Hanya beberapa tahun menjalani pernikahan, ia bercerai dan kembali ke rumah orang tuanya. "Aku mulai hidup mandiri, mencari uang dengan cara menjahit dan menjadi pembantu rumah tangga, pekerjaan yang menghasilkan sedikit uang."
Selama 10 sampai 12 tahun bekerja, Mai akhirnya berhasil mengumpulkan uang untuk membeli ternak. Namun, di usia 28 tahun kehidupannya berubah drastis akibat insiden pemerkosaan biadab itu.
Namun, alih-alih menghancurkannya, ia justru menjelma menjadi manusia tegar. Satu dekade berselang, Mai adalah pejuang hak-hak perempuan di Pakistan. Menginspirasi perempuan di negerinya, juga seluruh dunia.
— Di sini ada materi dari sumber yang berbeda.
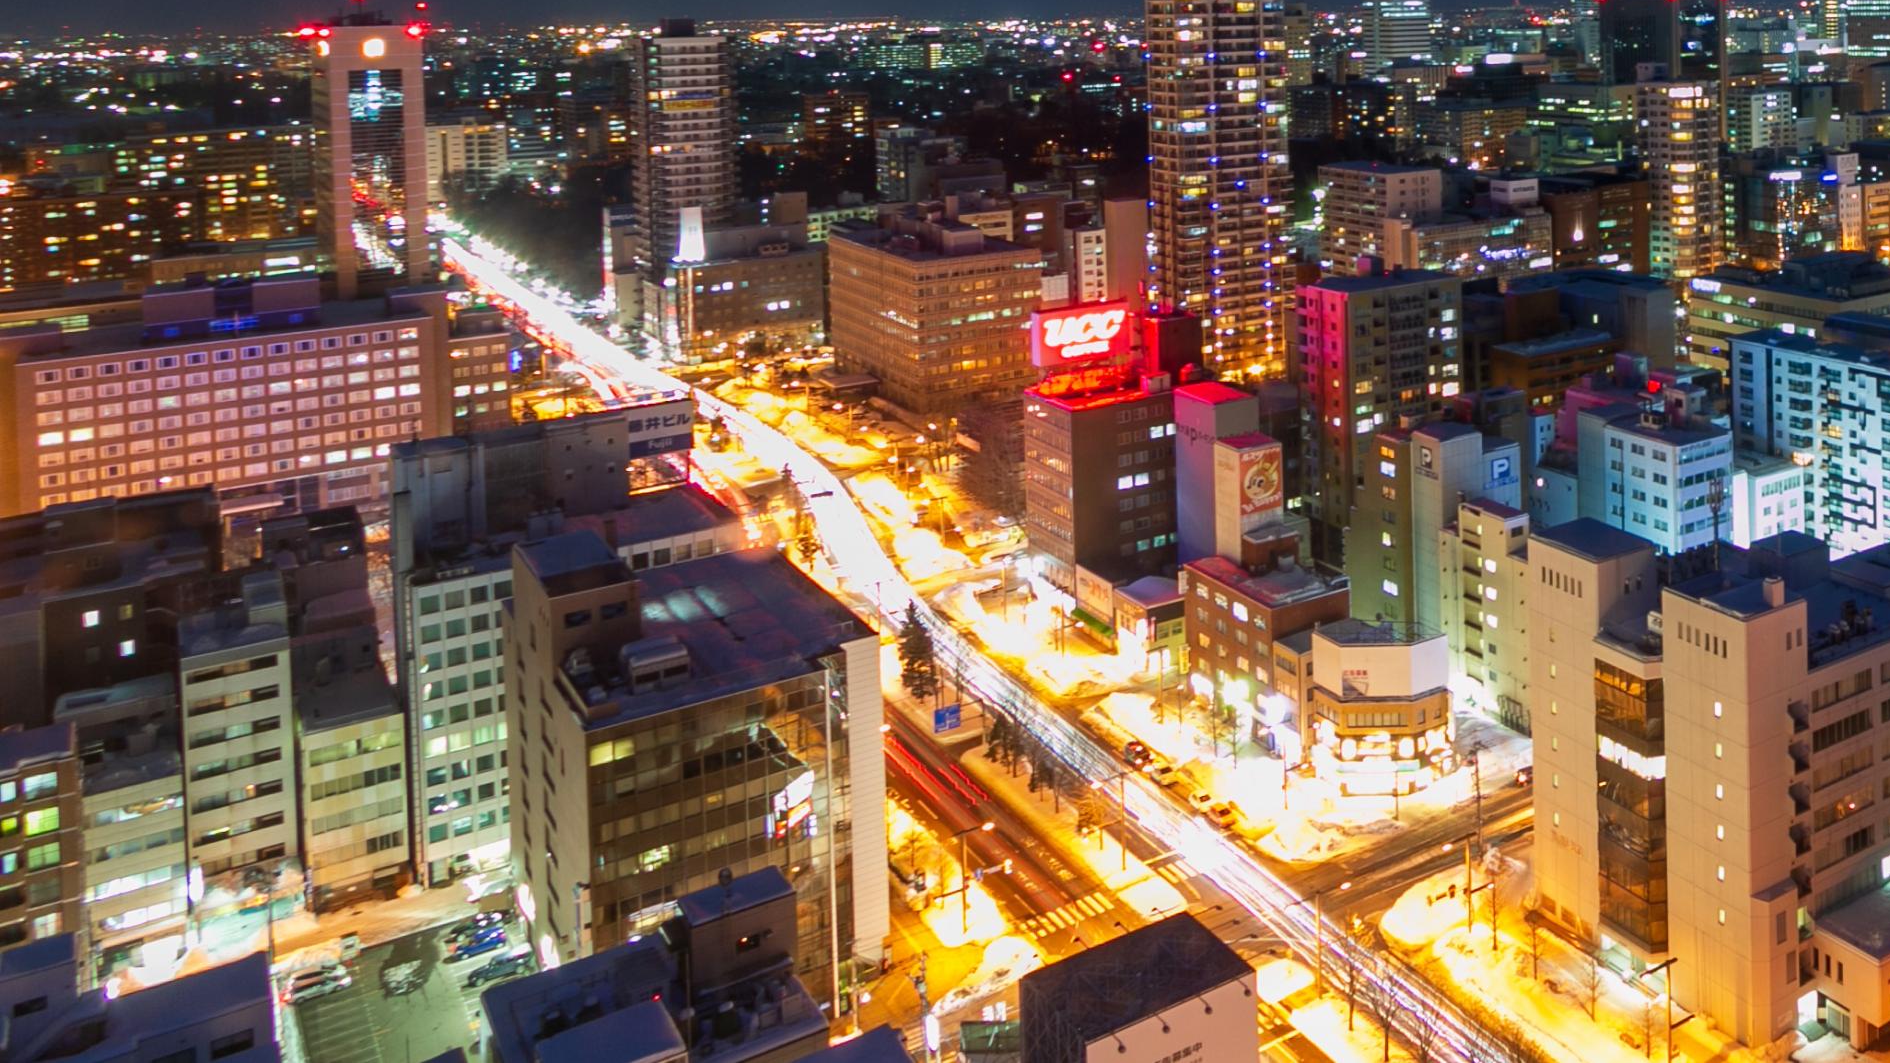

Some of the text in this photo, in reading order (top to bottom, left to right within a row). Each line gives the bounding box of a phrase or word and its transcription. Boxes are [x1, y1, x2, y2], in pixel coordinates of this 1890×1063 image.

[1043, 310, 1125, 347] UCC
[1421, 448, 1432, 466] P
[1492, 458, 1509, 479] P
Sadar bahwa pendidikan jadi kunci utama perubahan nasib perempuan, Mai membuat sekolah sederhana, di salah satu ruangan rumahnya. Hanya ada satu guru dan tiga murid, termasuk dirinya. "Pertama kali saya bersekolah justru di sekolah yang saya dirikan sendiri," kata dia.
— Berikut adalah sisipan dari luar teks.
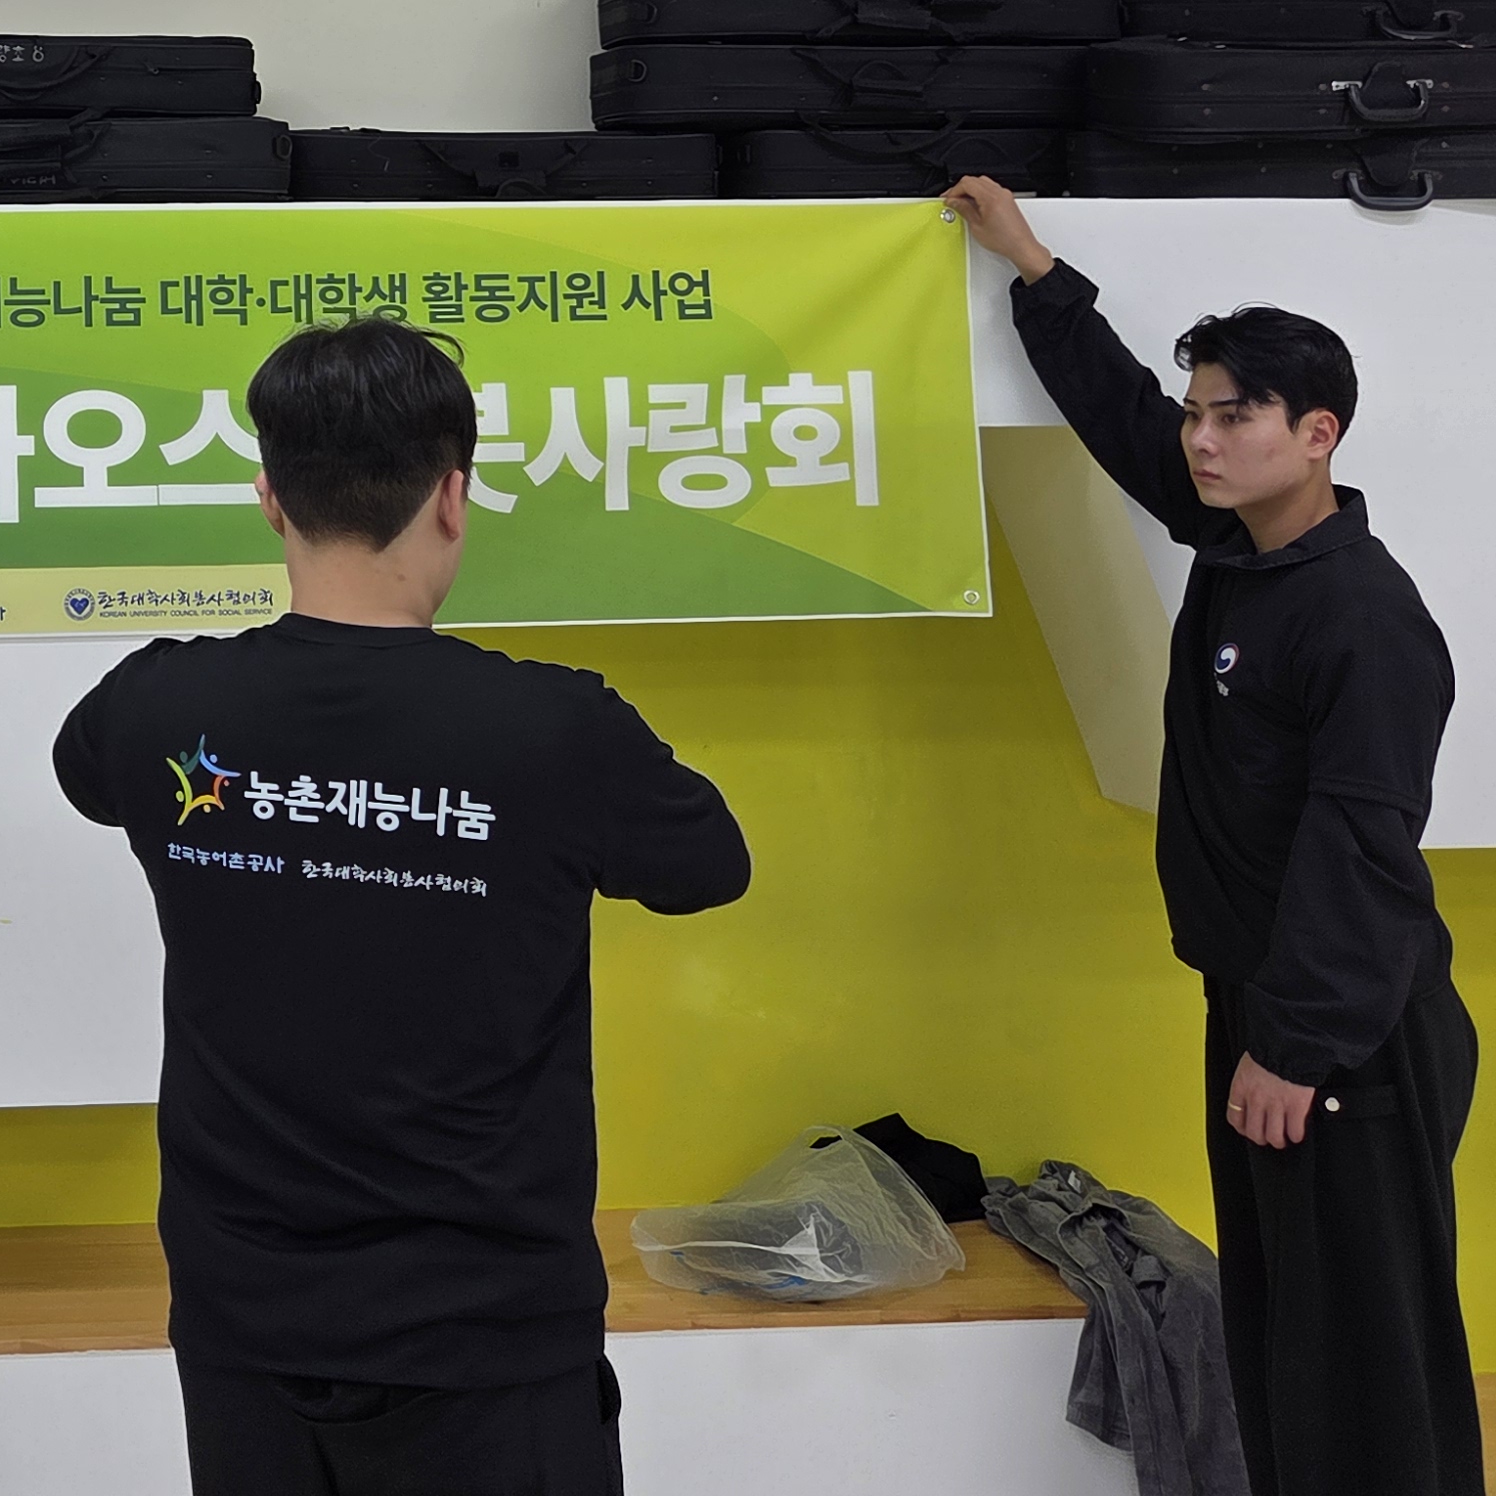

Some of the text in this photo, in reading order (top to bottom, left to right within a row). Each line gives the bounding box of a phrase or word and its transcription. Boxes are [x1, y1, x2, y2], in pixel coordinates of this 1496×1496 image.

[32, 45, 45, 63] 8
[160, 272, 408, 326] 대학·대학생
[421, 270, 608, 323] 활동지원
[620, 269, 713, 321] 사업
[97, 588, 274, 608] 한국대학사회봉사협의회
[99, 610, 127, 618] KOREAN
[129, 610, 167, 618] UNIVERSITY
[170, 609, 198, 617] COUNCIL
[218, 608, 242, 616] SOCIAL
[244, 770, 496, 841] 농촌재능나눔
[167, 842, 488, 898] 한국농어촌공사 한국대학사회봉사협의회
Tiga tahun pertama, Mai menjalankan sekolah mandirinya, tanpa bantuan pihak luar. "Apapun penghasilan yang kudapat, aku gunakan untuk membayar guru. Terkadang aku bahkan harus menjual barang-barang milikku."
Sekolah Mai mendapat perhatian dunia saat kisah dan perjuangannya diangkat artikel media internasional pada 2005. Bantuan pun berdatangan, termasuk dari pihak pemerintah.
Saat ini sekolah sekolah putri yang didirikan Mai menyediakan pendidikan, buku, seragam, dari sekolah dasar sampai SMA untuk 550 anak perempuan. Gratis!
Namun, Mai mengaku, sekolahnya tidak menerima dana pemerintah selama tiga tahun terakhir dan sedang berjuang untuk mendapatkan dana.
Mai juga mendirikan rumah penampungan dan pusat sumber daya untuk perempuan korban kekerasan. Sementara memoarnya, "In the Name of Honor", atau "Atas Nama Kehormatan" telah dipublikasikan pada 2006 dan diterjemahkan dalam 26 bahasa.
Pada 2009 lalu, Mai juga menikahi polisi yang bertindak sebagai pengawalnya. Kini mereka punya satu anak.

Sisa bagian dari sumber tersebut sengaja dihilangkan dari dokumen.